» Aim of the exercise
Print every entry, word for word, and skip the images.
────────────────────
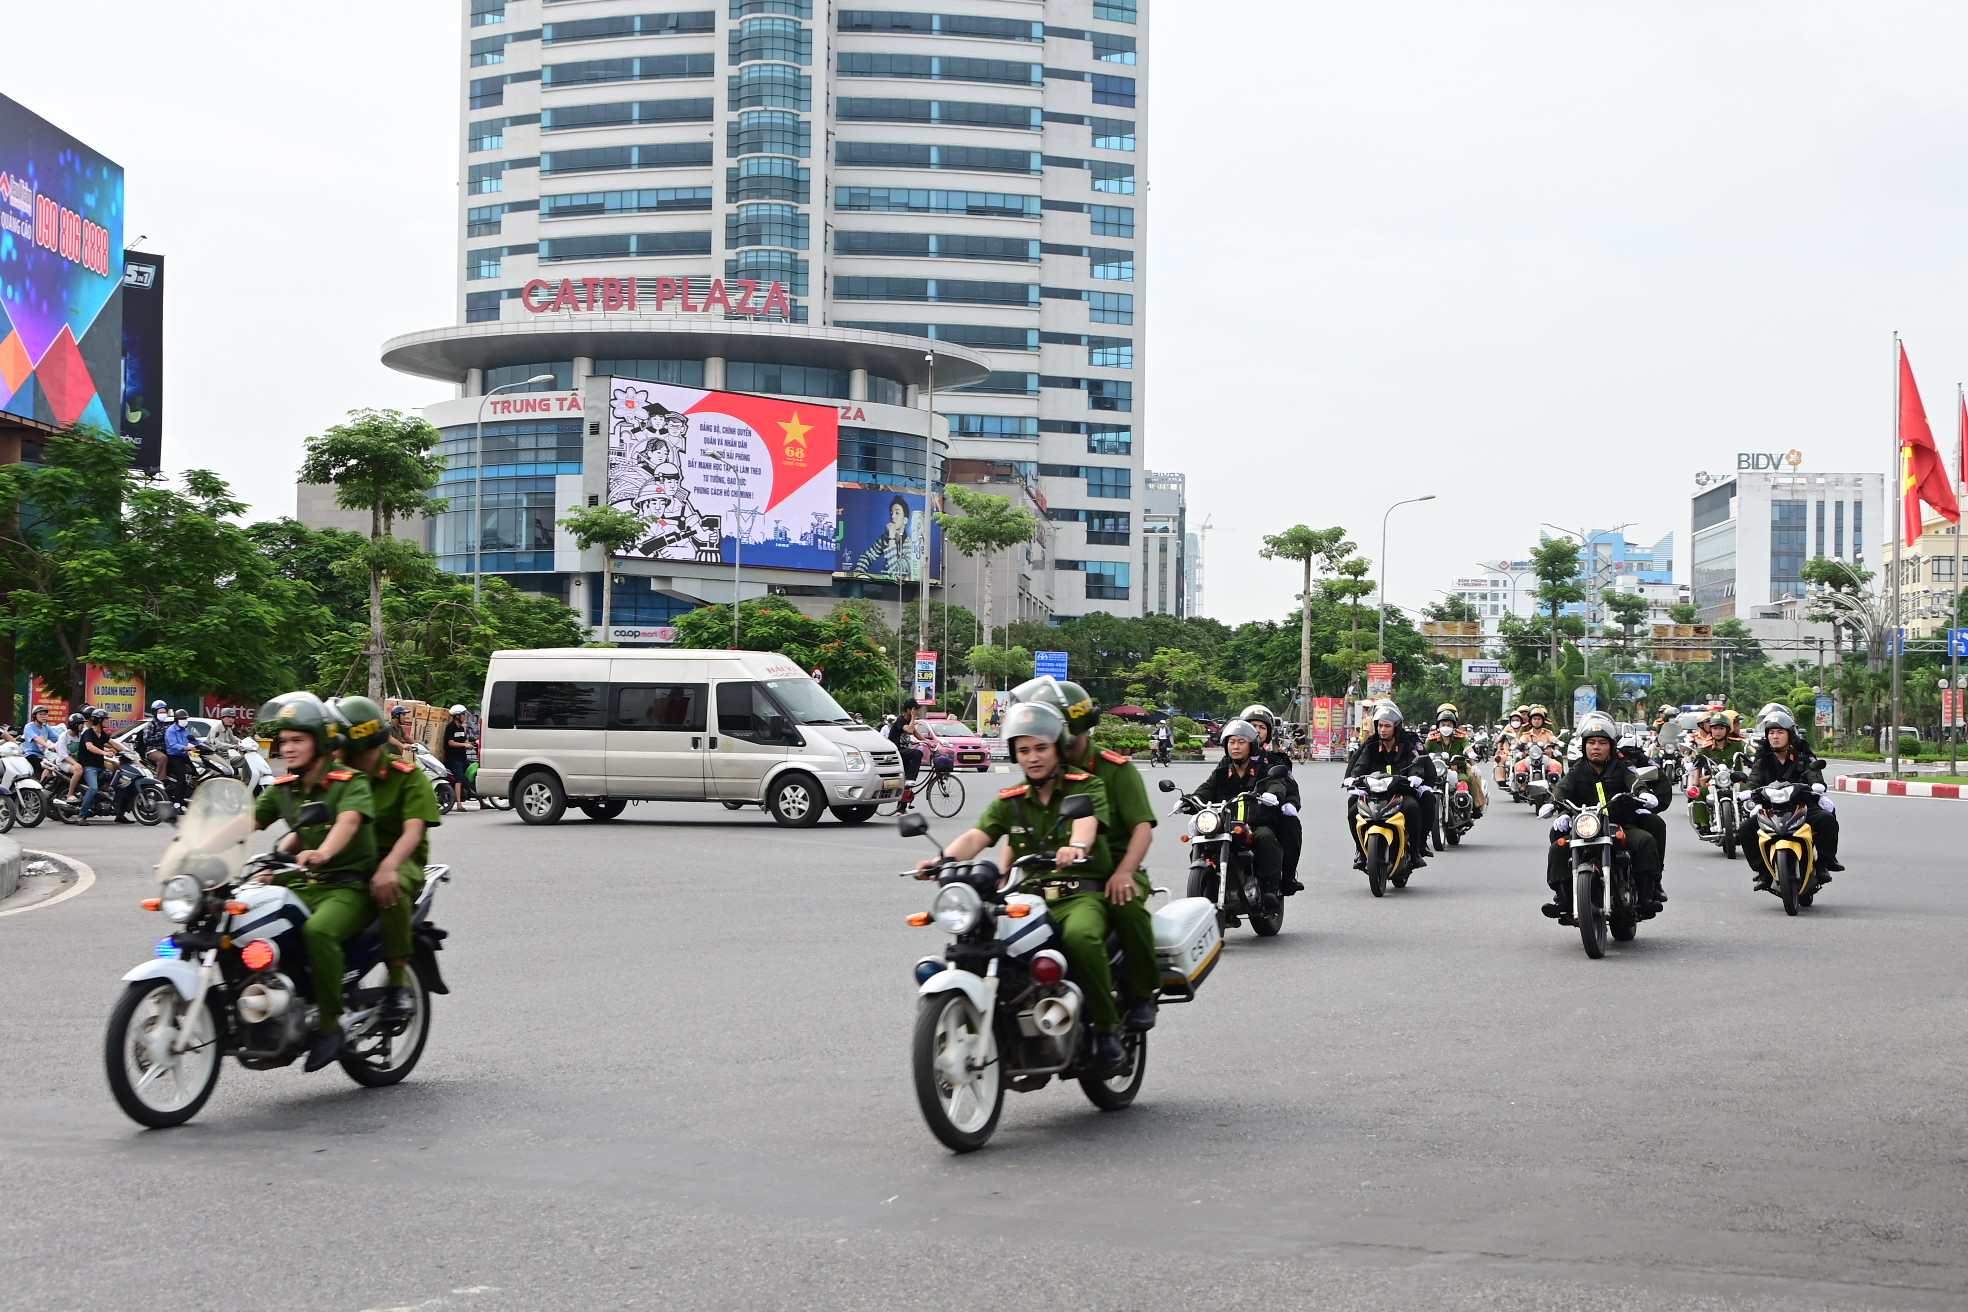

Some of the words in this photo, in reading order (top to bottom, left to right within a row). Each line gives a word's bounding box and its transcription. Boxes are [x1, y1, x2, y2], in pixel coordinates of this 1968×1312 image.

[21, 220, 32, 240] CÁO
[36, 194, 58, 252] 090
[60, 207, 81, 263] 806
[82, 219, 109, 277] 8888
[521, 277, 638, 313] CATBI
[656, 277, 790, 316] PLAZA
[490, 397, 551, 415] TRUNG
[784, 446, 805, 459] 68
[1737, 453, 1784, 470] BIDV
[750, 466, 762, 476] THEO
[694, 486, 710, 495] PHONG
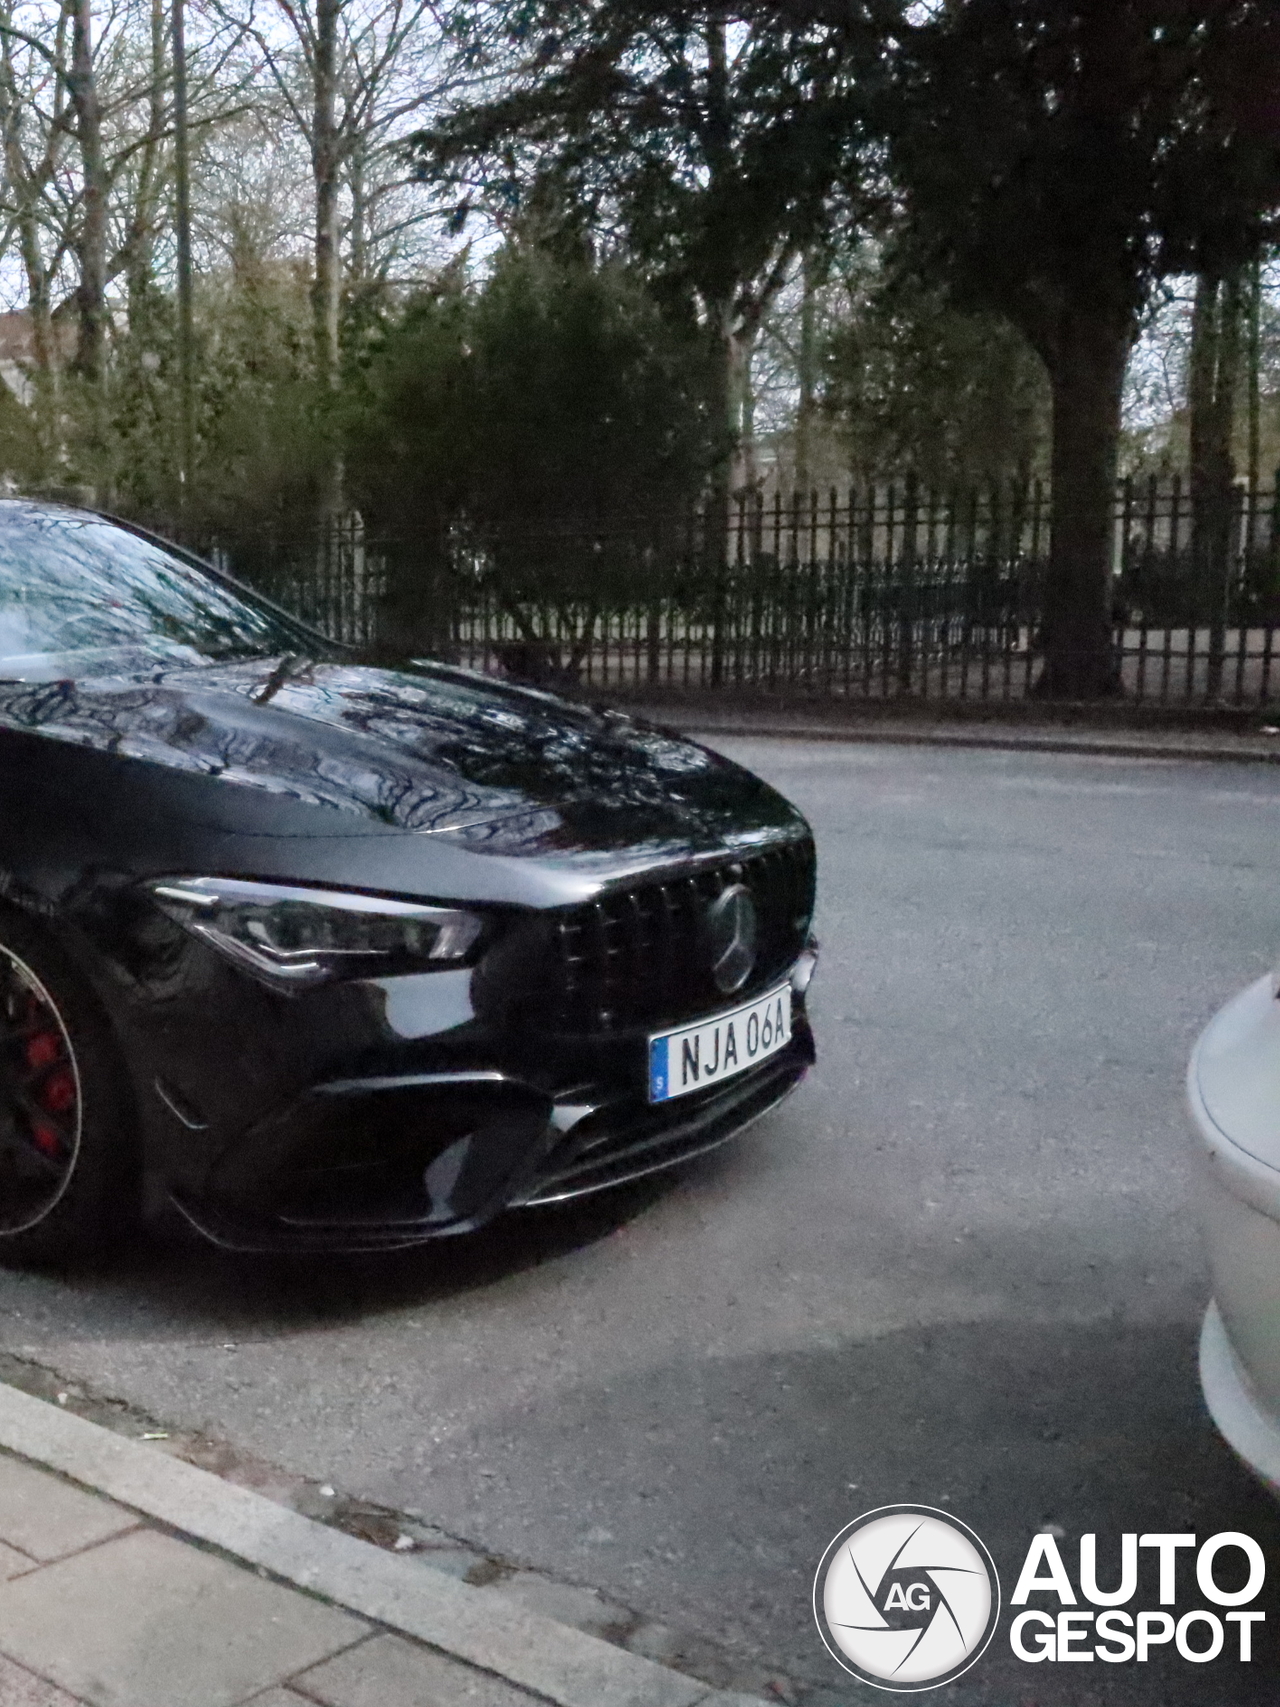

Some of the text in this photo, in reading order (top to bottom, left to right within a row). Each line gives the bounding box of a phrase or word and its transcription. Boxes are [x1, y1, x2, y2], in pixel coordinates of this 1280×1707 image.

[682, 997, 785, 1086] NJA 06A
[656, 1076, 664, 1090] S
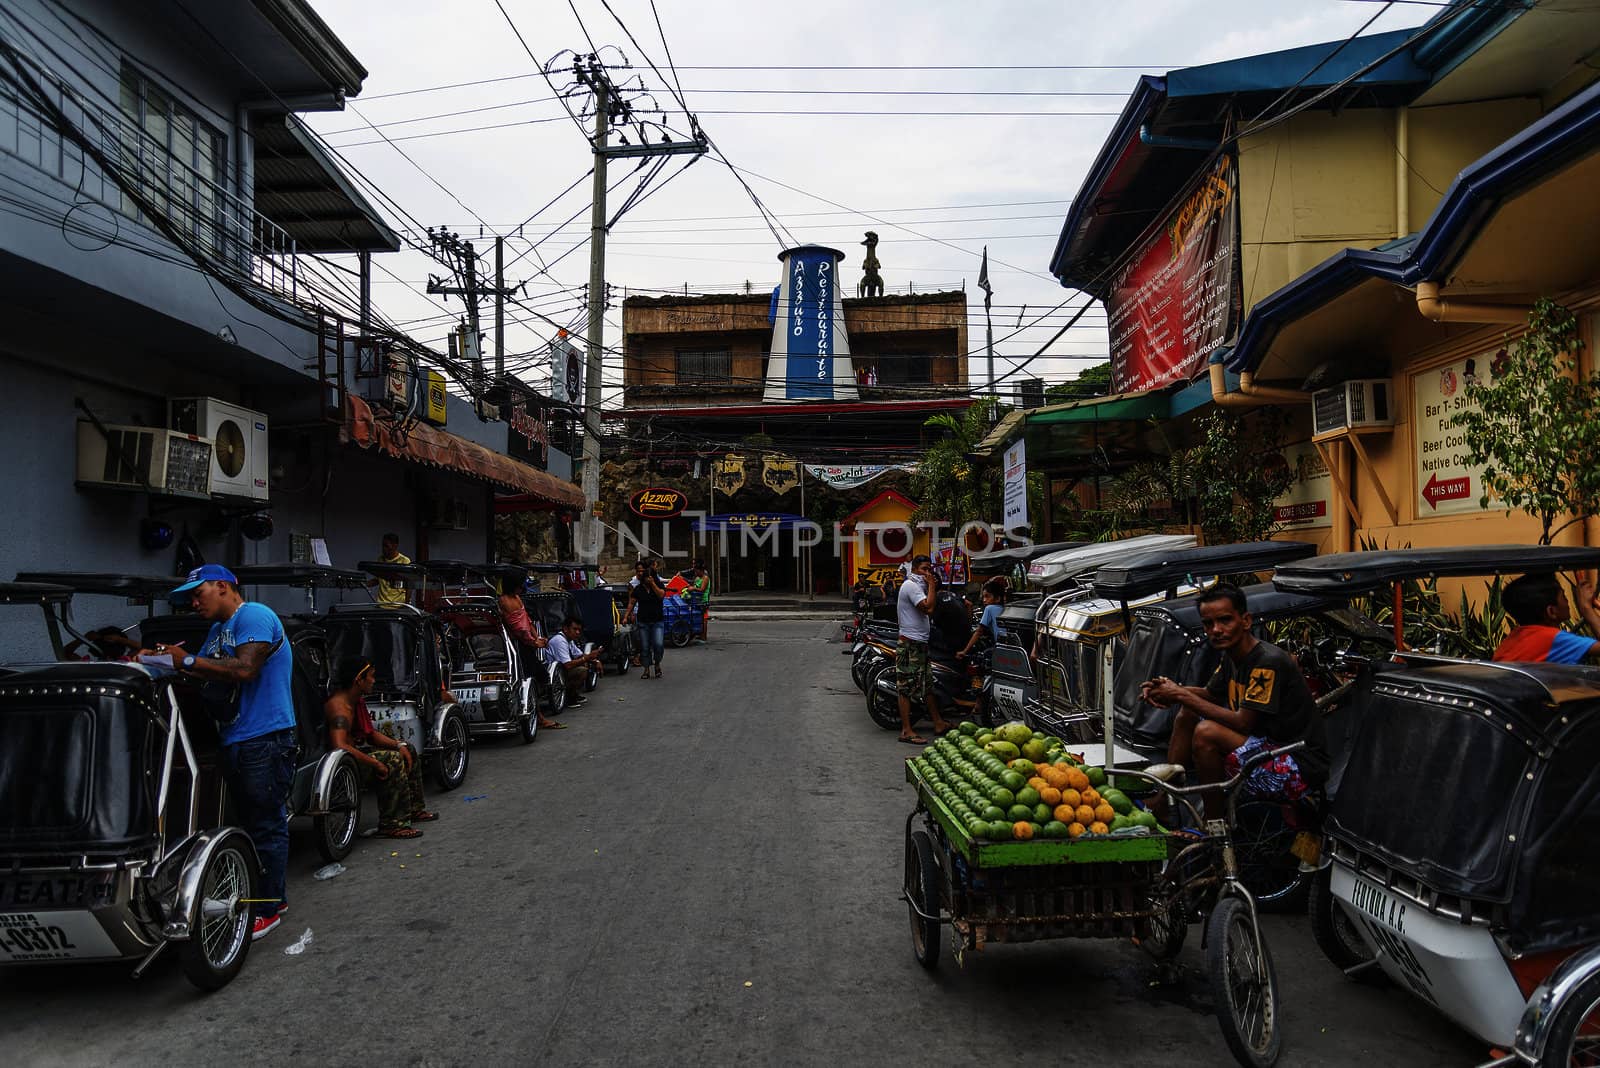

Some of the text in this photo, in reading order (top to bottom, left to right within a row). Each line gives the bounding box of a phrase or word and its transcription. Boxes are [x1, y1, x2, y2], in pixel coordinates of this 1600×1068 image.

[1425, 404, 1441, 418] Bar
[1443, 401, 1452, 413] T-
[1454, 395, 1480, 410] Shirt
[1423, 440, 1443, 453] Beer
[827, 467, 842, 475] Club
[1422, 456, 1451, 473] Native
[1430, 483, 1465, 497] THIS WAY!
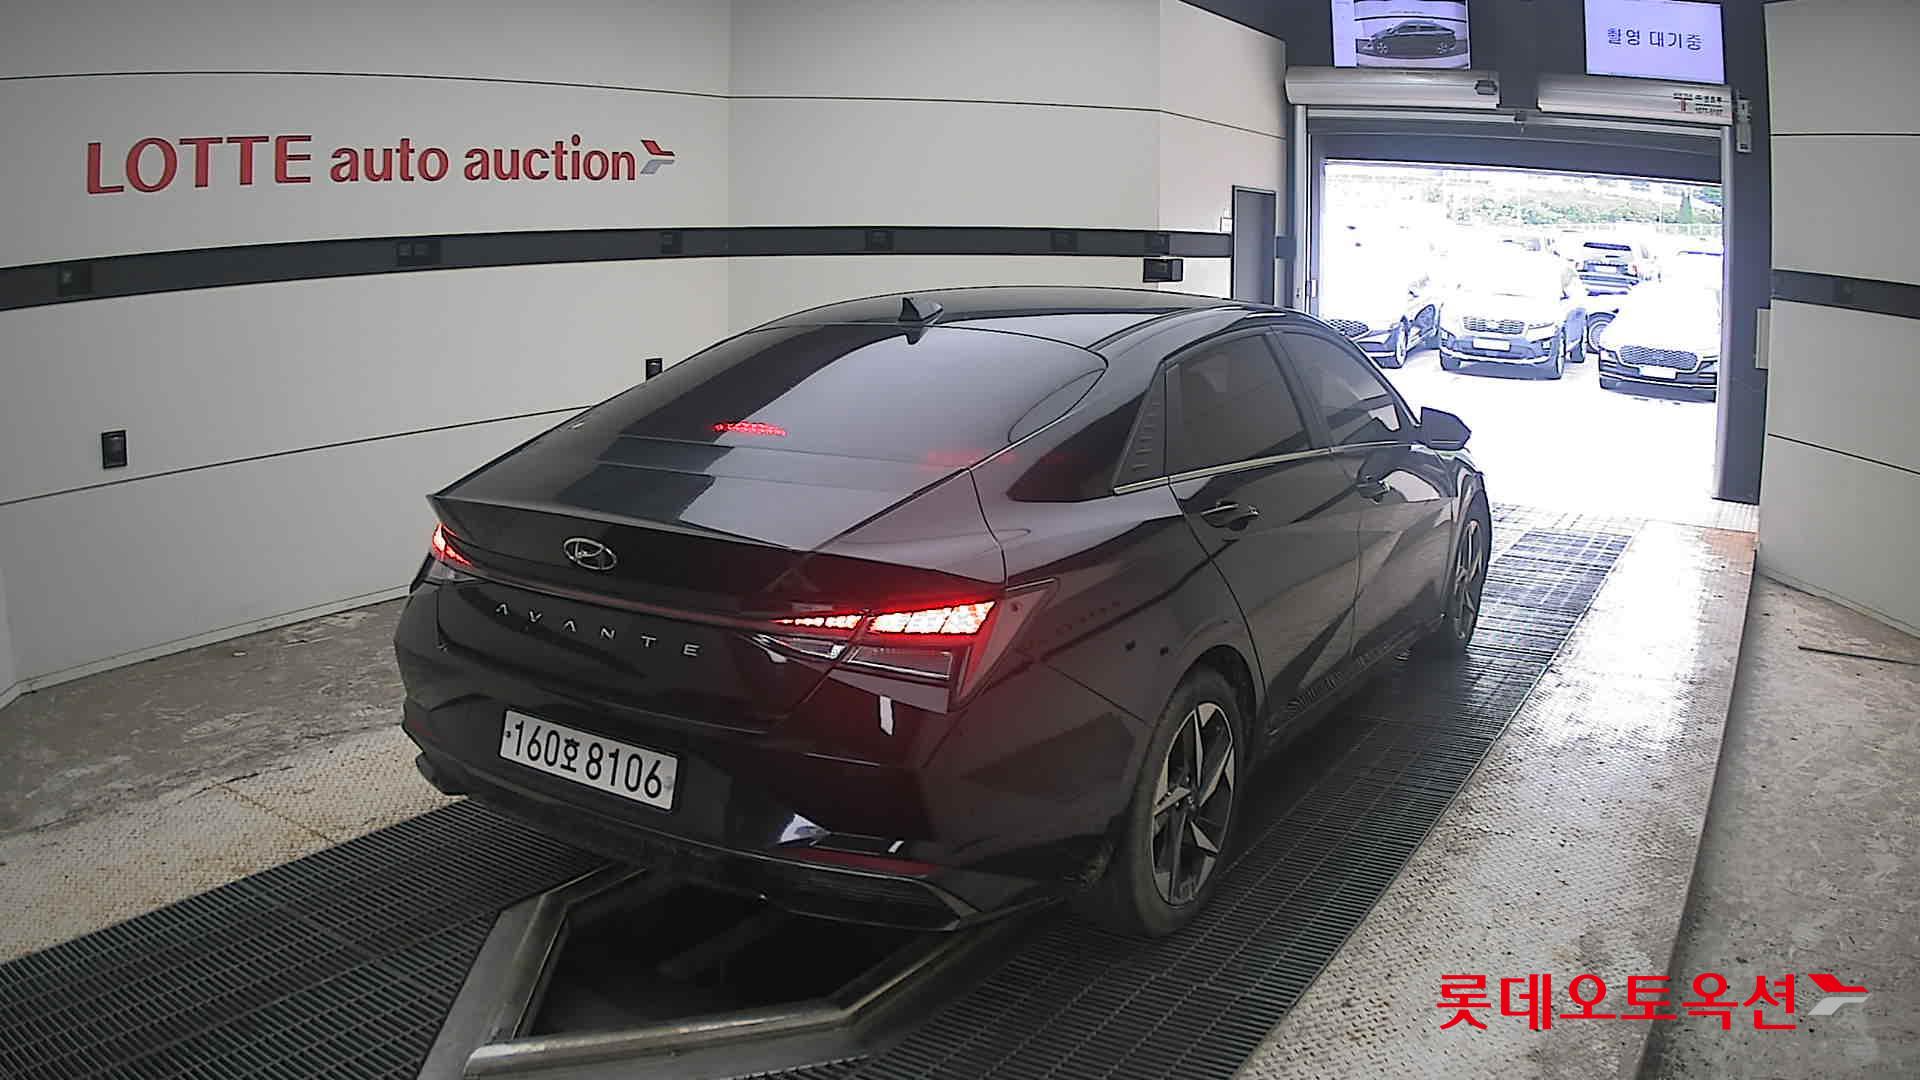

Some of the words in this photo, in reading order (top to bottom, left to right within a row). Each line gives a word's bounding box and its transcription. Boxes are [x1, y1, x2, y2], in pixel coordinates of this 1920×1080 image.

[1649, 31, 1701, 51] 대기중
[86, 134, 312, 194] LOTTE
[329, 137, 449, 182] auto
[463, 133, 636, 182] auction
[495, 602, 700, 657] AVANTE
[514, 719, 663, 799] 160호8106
────────────────────
» Output for this task
Some of the words in this photo, in reading order (top to bottom, left to right within a row). Each line gives a word's bounding box and its transcription. Boxes are [x1, y1, x2, y2], in pixel coordinates of this 1968×1312 image.

[21, 220, 32, 240] CÁO
[36, 194, 58, 252] 090
[60, 207, 81, 263] 806
[82, 219, 109, 277] 8888
[521, 277, 638, 313] CATBI
[656, 277, 790, 316] PLAZA
[490, 397, 551, 415] TRUNG
[784, 446, 805, 459] 68
[1737, 453, 1784, 470] BIDV
[750, 466, 762, 476] THEO
[694, 486, 710, 495] PHONG

Some of the text in this photo, in reading order (top to bottom, left to right within a row). Each line gives the bounding box of a phrase or word and its transcription. Boxes are [x1, y1, x2, y2], in pixel coordinates of this 1280×1707 image.

[682, 997, 785, 1086] NJA 06A
[656, 1076, 664, 1090] S

Some of the text in this photo, in reading order (top to bottom, left to right within a row). Each line gives the bounding box of a phrase or word and its transcription. Boxes are [x1, y1, x2, y2], in pixel coordinates of this 1600×1068 image.

[1425, 404, 1441, 418] Bar
[1443, 401, 1452, 413] T-
[1454, 395, 1480, 410] Shirt
[1423, 440, 1443, 453] Beer
[827, 467, 842, 475] Club
[1422, 456, 1451, 473] Native
[1430, 483, 1465, 497] THIS WAY!

Some of the words in this photo, in reading order (top to bottom, left to right within a row). Each line gives a word's bounding box and its transcription. Boxes are [x1, y1, x2, y2], in pixel coordinates of this 1920×1080 image.

[1649, 31, 1701, 51] 대기중
[86, 134, 312, 194] LOTTE
[329, 137, 449, 182] auto
[463, 133, 636, 182] auction
[495, 602, 700, 657] AVANTE
[514, 719, 663, 799] 160호8106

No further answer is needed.